Reggae singer Jimmy Cliff plays Ivanhoe Martin, who was based on the real-life Jamaican criminal Rhyging, who may not have been a musician or a drug dealer but was the “original rude boy” and a folk hero in that country. Cliff said, “Rhygin was very much on the side of the people; he was a kind of Robin Hood, I guess you could call him.”
Director Perry Henzell believed that this movie was a success in Jamaica because people there had never seen themselves on the screen nor heard their native dialect, which may be English but still needs subtitles.
Cliff’s character moves to the big city, where he’s wowed by a screening of Django and just wants to make music, like the song which gives this movie its name.

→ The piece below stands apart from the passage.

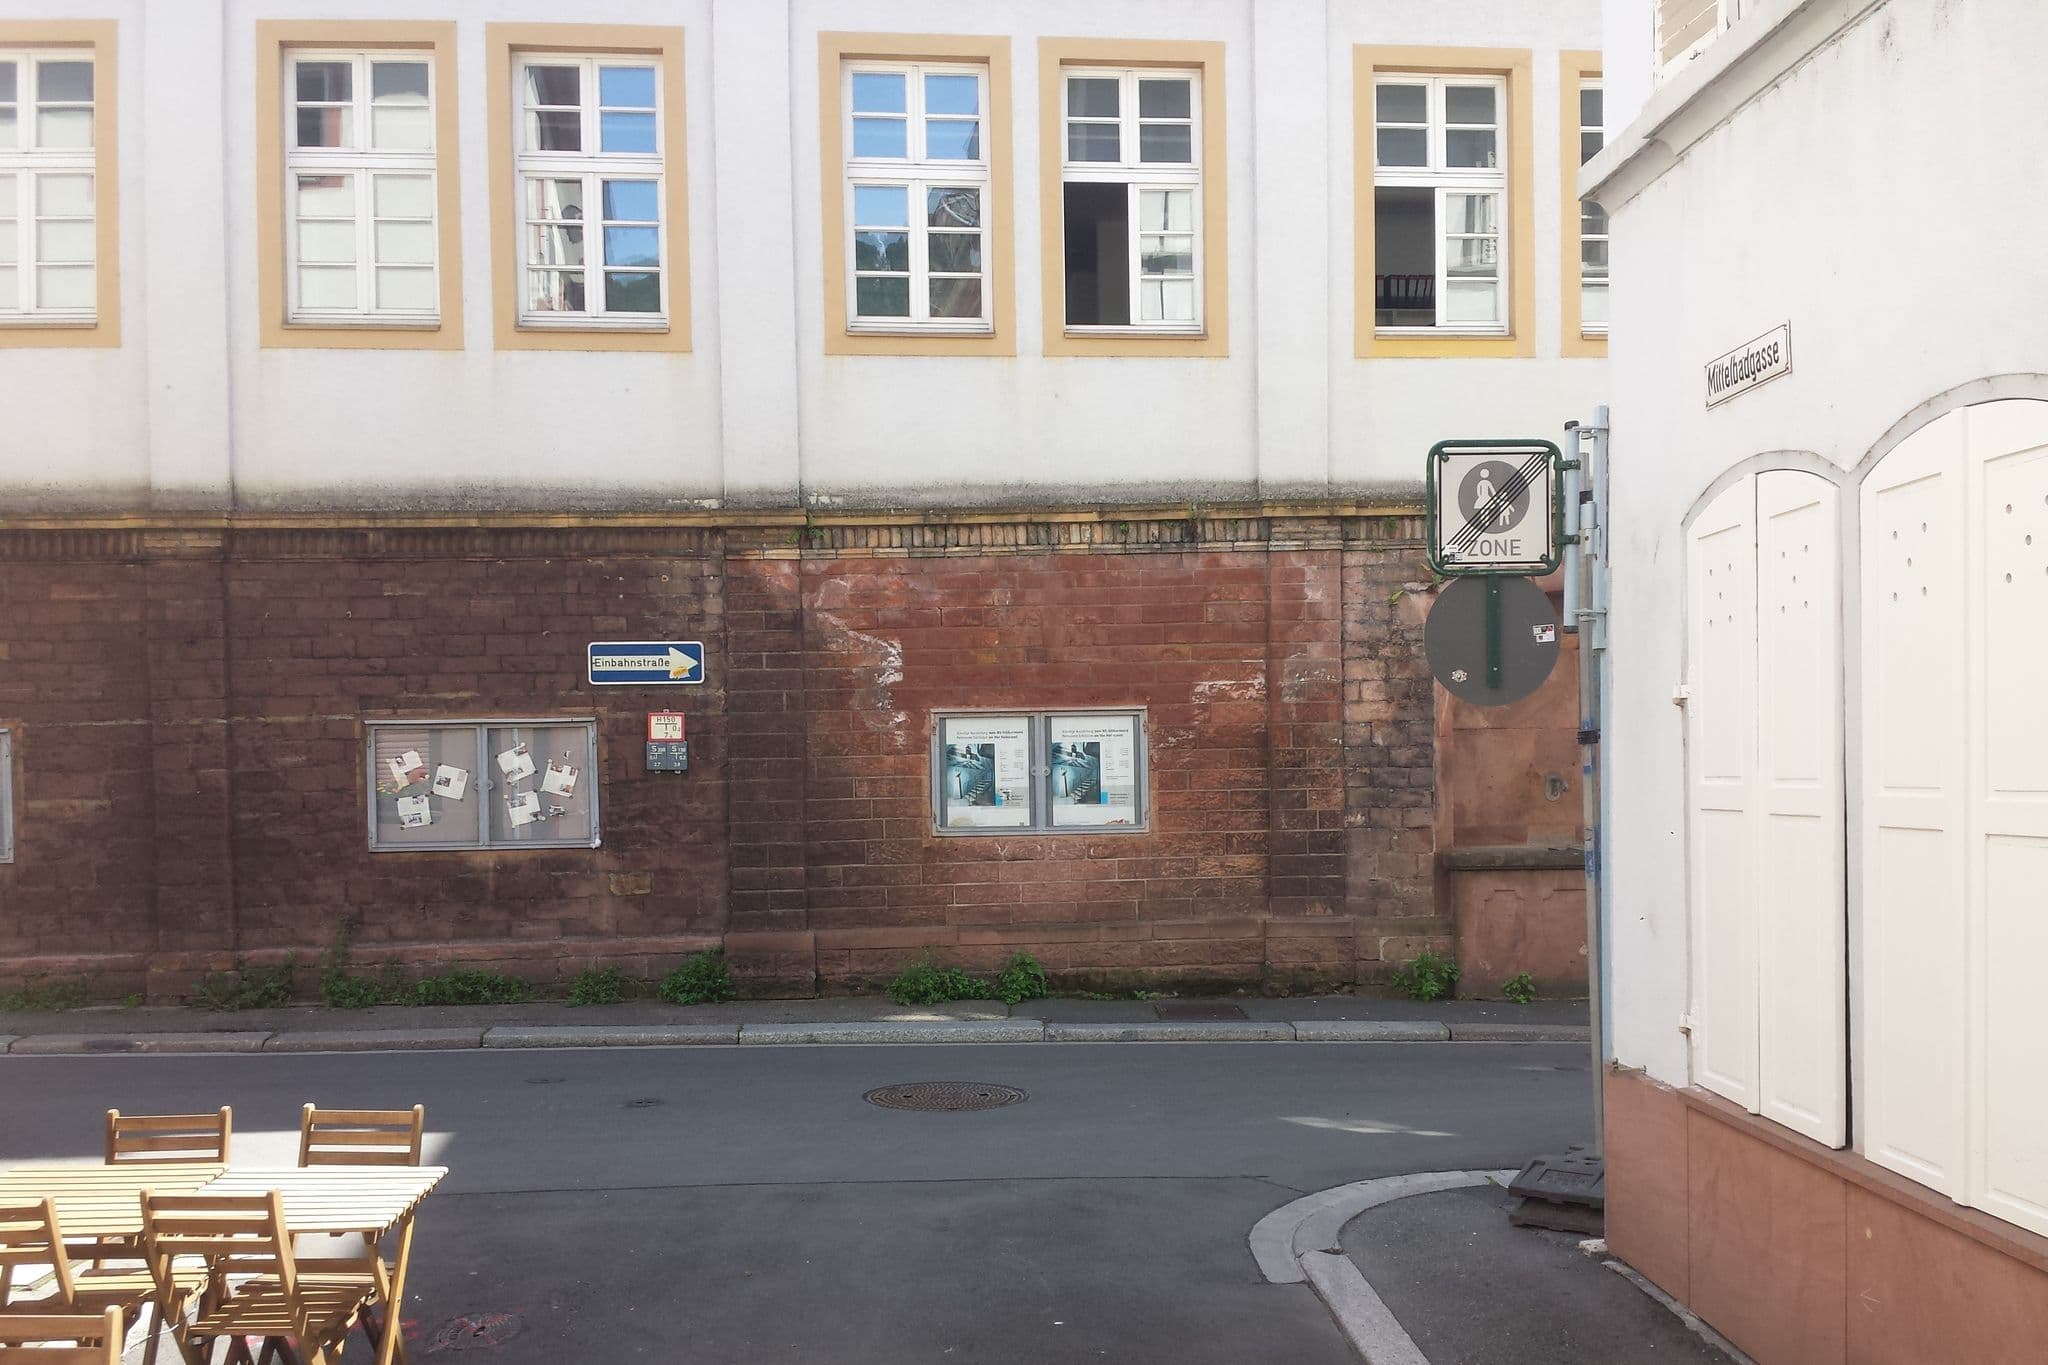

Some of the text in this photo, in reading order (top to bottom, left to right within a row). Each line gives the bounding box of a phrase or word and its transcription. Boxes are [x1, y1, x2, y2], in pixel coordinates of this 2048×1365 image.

[1707, 341, 1779, 396] Mittelbadgasse
[1467, 539, 1521, 556] ZONE
[594, 658, 670, 667] Einbahnstraße

But the record producer he records it for controls the world of Jamaica’s music and even if it is a hit, he’ll probably never see the money. After falling into a life of crime, he becomes the kind of Hollywood gangster of his young dreams, sending photos to the press holding machine guns like some kind of Jamaican Dillinger. He’s doomed to die in the streets, riddled with bullets, but he’s going to grab every moment of glory that he can before the inevitable strikes him down.
New Line released this in February 1973 in the U.S. but it took over a year before midnight showings started building an audience. The soundtrack would introduce reggae to American listeners while Ivan was referenced in The Clash’s “Guns of Brixton” with the lyrics, “You see he feels like Ivan, born under the Brixton sun. His game is called surviving, at the end of The Harder They Come.”